On TV, Hospitals Are Like High School

Mamie Gummer and Justin Hartley on Emily Owens, M.D.

Jack Rowand – © 2011 The CW Network, LLC.

As several critics have observed, Emily Owens, M.D., which premieres tonight on the CW, states its premise with all the subtlety of a defibrillator to the chest. As not one but two characters point out in the show’s first few minutes, “hospitals are a lot like high school.” The second person to make that observation even breaks down the parallel cliques: High-school jocks turn into orthopedic surgeons, mean girls go into “plastics,” the All-American girls become OB/gyns, the geeks gravitate toward neurology, rebels to the ER, stoners to anesthesia, and “sanctimonious churchgoers” to pediatrics.
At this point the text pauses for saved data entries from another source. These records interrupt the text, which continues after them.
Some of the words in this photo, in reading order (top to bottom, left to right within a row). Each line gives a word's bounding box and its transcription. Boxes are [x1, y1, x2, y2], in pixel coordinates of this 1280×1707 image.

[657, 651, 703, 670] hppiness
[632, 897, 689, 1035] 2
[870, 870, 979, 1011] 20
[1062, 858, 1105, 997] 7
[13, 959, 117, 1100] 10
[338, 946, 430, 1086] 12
But as obvious and annoying as the show may be, it’s hard to attack its conceptual framework. When it comes to television, hospitals are like high school—and that’s a good thing.

Some of TV’s greatest dramas, from Buffy the Vampire Slayer to Freaks and Geeks, were set in high school. The setting works because it evokes a specific time—which just happens to be a period of growth and experimentation—with a concrete place. And high school, unlike college, is a universal experience, like work (even in the current economic climate).

That’s why anyone who has ever started a new job will recognize the situation facing Emily Owens (Mamie Gummer), in the pilot: After 23 years of schooling, it’s her first day at a new job—a surgical internship at Denver Medical Center. She must make friends, impress her supervisors, and save lives.

A new intake of interns is like a new class of freshmen. And they work so hard that they can’t wander too far from the hospital, which makes for a realistically controlled setting. (This is another advantage shows about high-school kids have over those about college students, who are more mobile.) They’re also old enough for adult problems, which I appreciate: Surely I’m not the only viewer who has icked herself out realizing that I’m invested in the love life of someone pretending to be 16.

Theoretically at least, medical interns are smart and capable, too—and that’s where the problems with Emily Owens begin. It’s easy to believe that patients would confide in the show’s titular young doctor, despite—or maybe even because of—her awkwardness. Faced with a room full of medical automatons spouting jargon, I’d single out the human-seeming one to ask questions of, too. But at a certain point you need the doctor to know what she’s doing.

Toward the end of the show, Emily’s incessant voice-over declares, “I’m done feeling stupid and insecure about being stupid and insecure.” That sure makes it seem like she’s decided to accept that she’s stupid and insecure. I buy the insecure part. What is less convincing is that this doofus of a doctor, who spends rounds daydreaming about her crush, could save a patient’s life. And that’s the one place the high-school-show parallel falters. Those shows lionize the oddballs and losers—the kids who sing in the glee club or lost souls like Jordan Catalano—not the future surgeons of America. If, as she claims, Emily Owens is ready to enter “the next phase of my life,” she needs to get in touch with her inner Mathlete. Even Doogie Howser had to grow up.